= Beginning of Section =
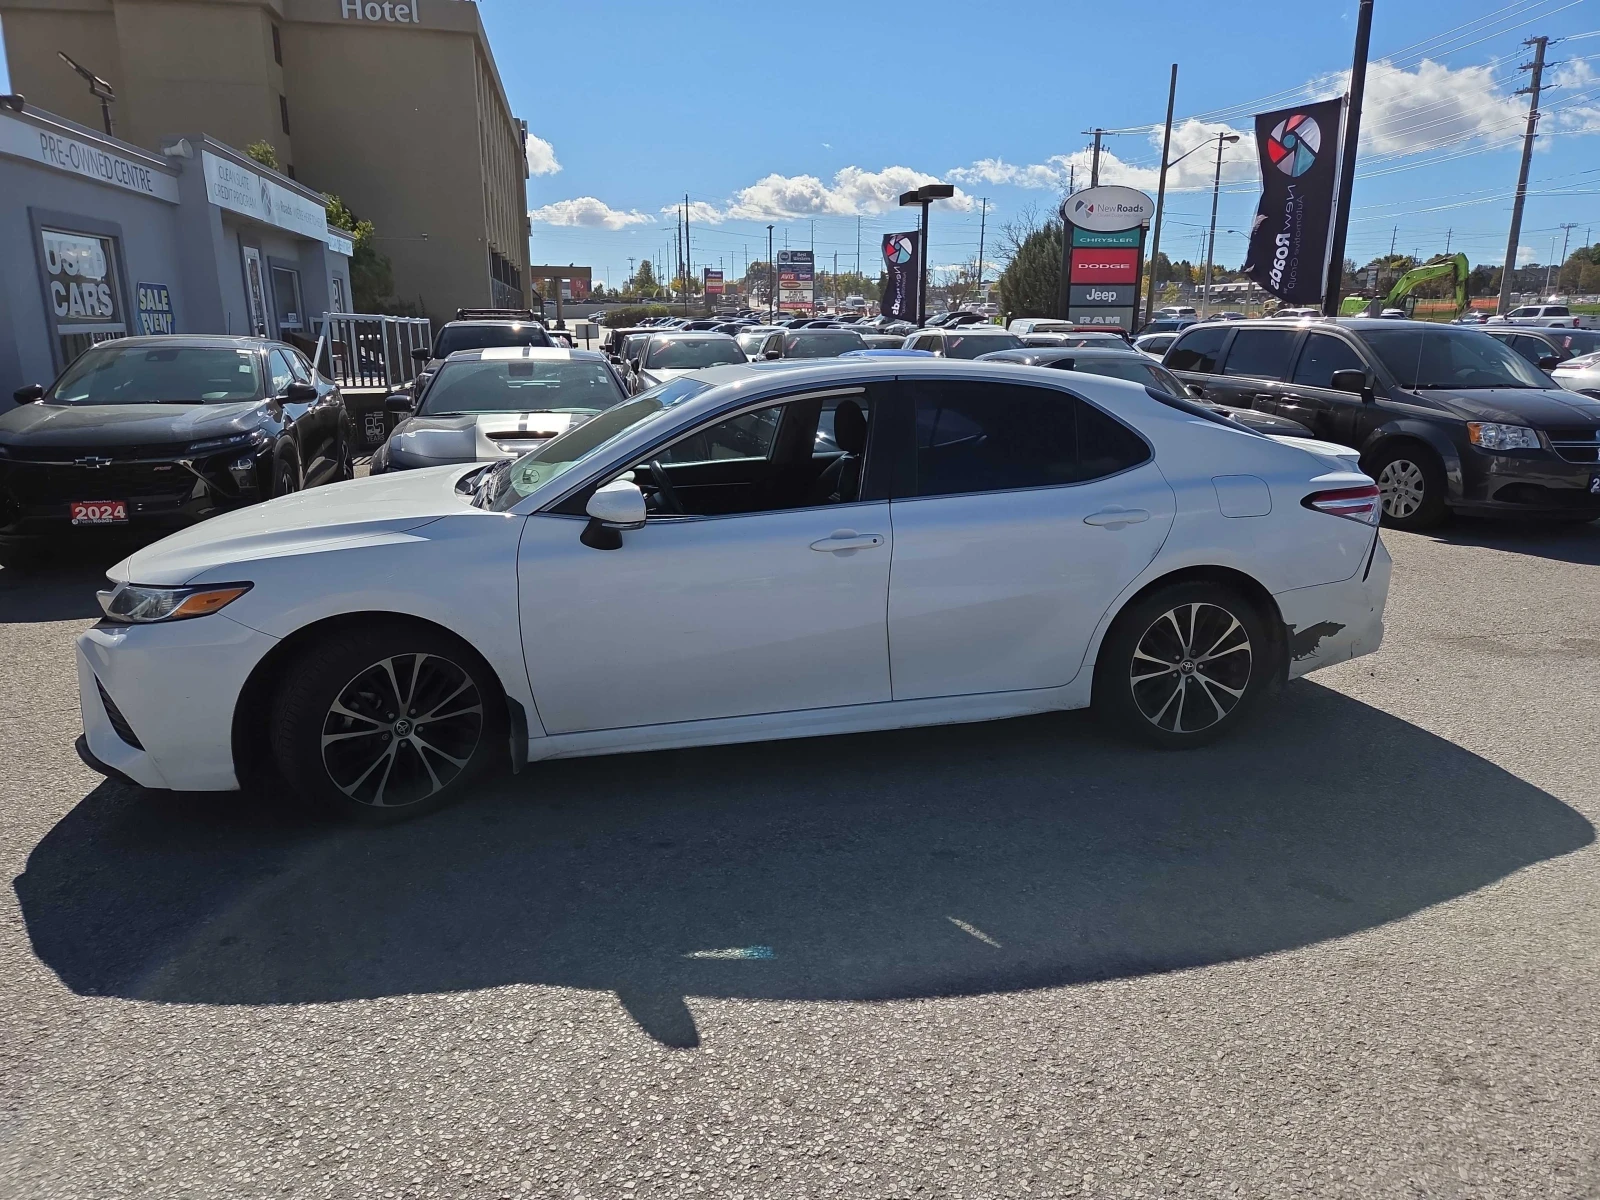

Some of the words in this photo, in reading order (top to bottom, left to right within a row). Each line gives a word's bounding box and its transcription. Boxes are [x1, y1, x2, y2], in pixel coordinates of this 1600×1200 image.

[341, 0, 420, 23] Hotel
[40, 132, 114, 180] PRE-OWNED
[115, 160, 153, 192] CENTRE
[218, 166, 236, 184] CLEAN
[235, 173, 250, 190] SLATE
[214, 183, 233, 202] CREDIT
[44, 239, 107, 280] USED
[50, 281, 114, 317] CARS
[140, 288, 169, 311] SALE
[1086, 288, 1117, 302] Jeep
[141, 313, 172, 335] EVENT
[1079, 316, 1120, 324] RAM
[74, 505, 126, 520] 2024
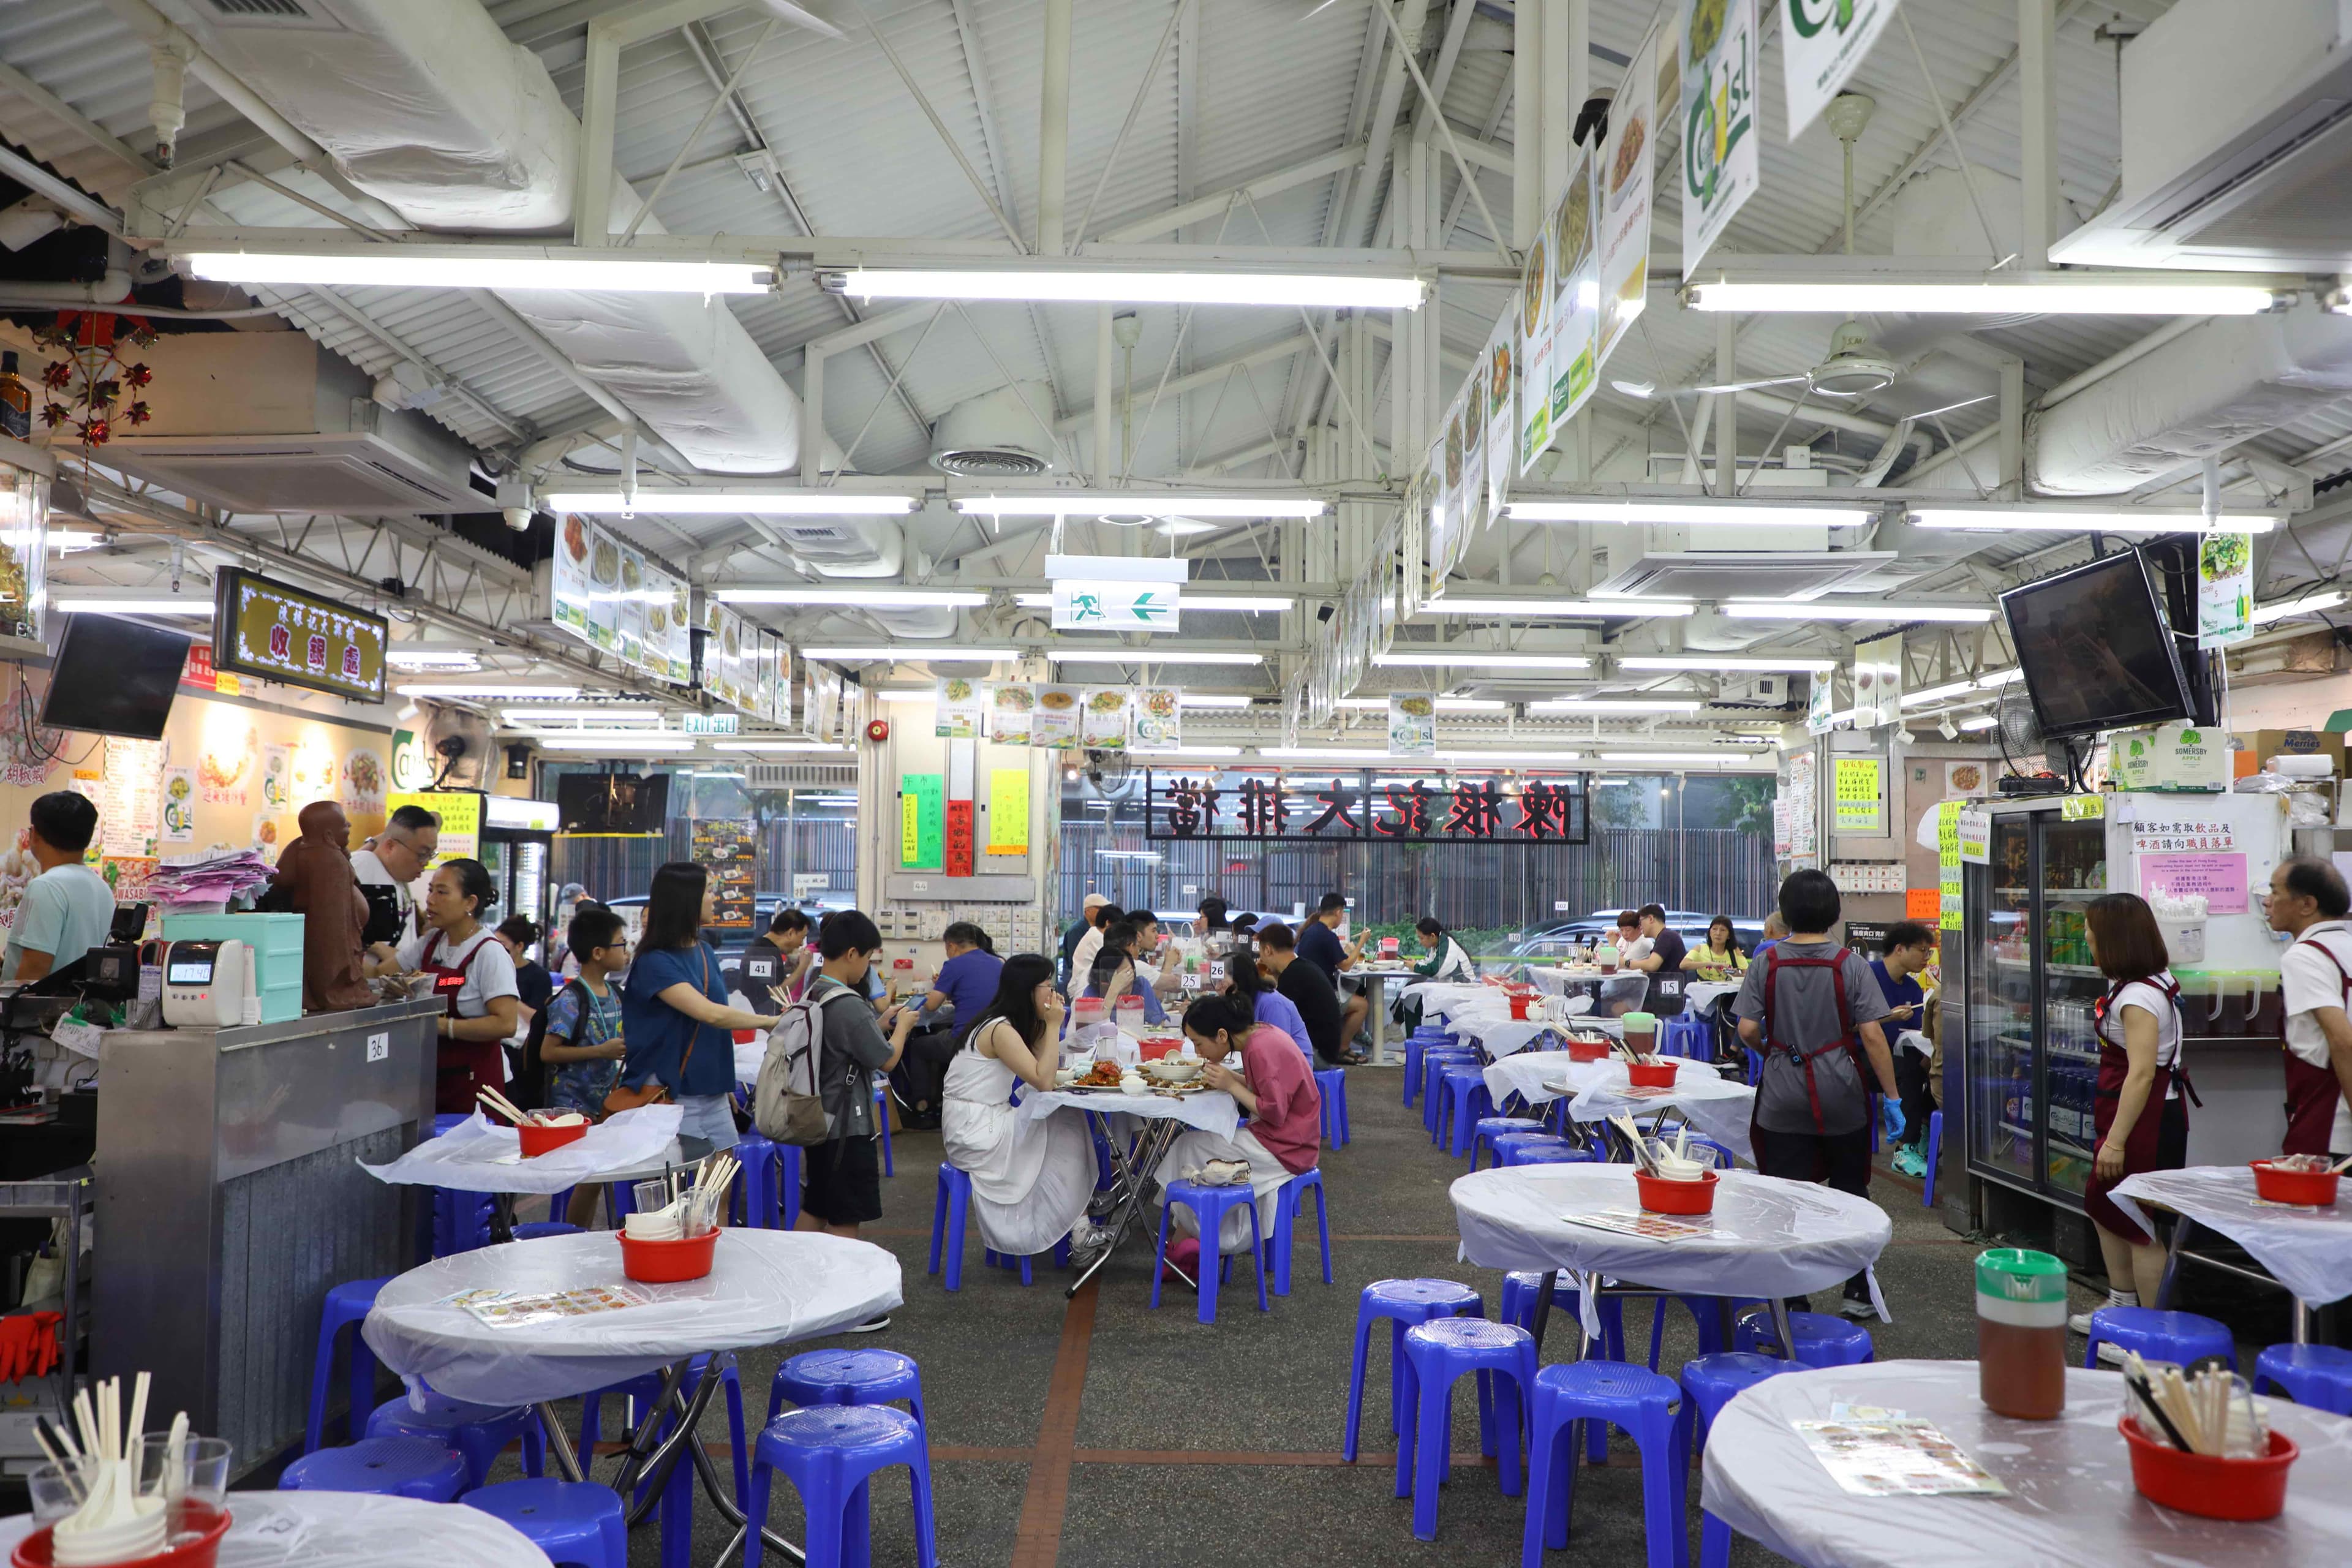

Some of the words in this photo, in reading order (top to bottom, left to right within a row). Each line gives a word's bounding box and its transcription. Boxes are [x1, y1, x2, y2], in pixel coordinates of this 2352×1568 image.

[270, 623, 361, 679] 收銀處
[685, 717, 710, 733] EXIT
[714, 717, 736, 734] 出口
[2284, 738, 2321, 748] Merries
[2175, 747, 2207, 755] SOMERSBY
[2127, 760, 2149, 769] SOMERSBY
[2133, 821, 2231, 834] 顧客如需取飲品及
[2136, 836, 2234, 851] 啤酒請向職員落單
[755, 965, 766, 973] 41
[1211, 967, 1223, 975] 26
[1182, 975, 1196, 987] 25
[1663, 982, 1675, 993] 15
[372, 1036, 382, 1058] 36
= End of Section =
To do:
Copy each line above exactly. Images do not belong in the copy.

Exercise answer:
Some of the words in this photo, in reading order (top to bottom, left to right within a row). Each line gives a word's bounding box and its transcription. Boxes are [x1, y1, x2, y2], in pixel coordinates of this 1600×1200 image.

[341, 0, 420, 23] Hotel
[40, 132, 114, 180] PRE-OWNED
[115, 160, 153, 192] CENTRE
[218, 166, 236, 184] CLEAN
[235, 173, 250, 190] SLATE
[214, 183, 233, 202] CREDIT
[44, 239, 107, 280] USED
[50, 281, 114, 317] CARS
[140, 288, 169, 311] SALE
[1086, 288, 1117, 302] Jeep
[141, 313, 172, 335] EVENT
[1079, 316, 1120, 324] RAM
[74, 505, 126, 520] 2024

Some of the words in this photo, in reading order (top to bottom, left to right within a row). Each line gives a word's bounding box and its transcription. Boxes are [x1, y1, x2, y2], in pixel coordinates of this 2352×1568 image.

[270, 623, 361, 679] 收銀處
[685, 717, 710, 733] EXIT
[714, 717, 736, 734] 出口
[2284, 738, 2321, 748] Merries
[2175, 747, 2207, 755] SOMERSBY
[2127, 760, 2149, 769] SOMERSBY
[2133, 821, 2231, 834] 顧客如需取飲品及
[2136, 836, 2234, 851] 啤酒請向職員落單
[755, 965, 766, 973] 41
[1211, 967, 1223, 975] 26
[1182, 975, 1196, 987] 25
[1663, 982, 1675, 993] 15
[372, 1036, 382, 1058] 36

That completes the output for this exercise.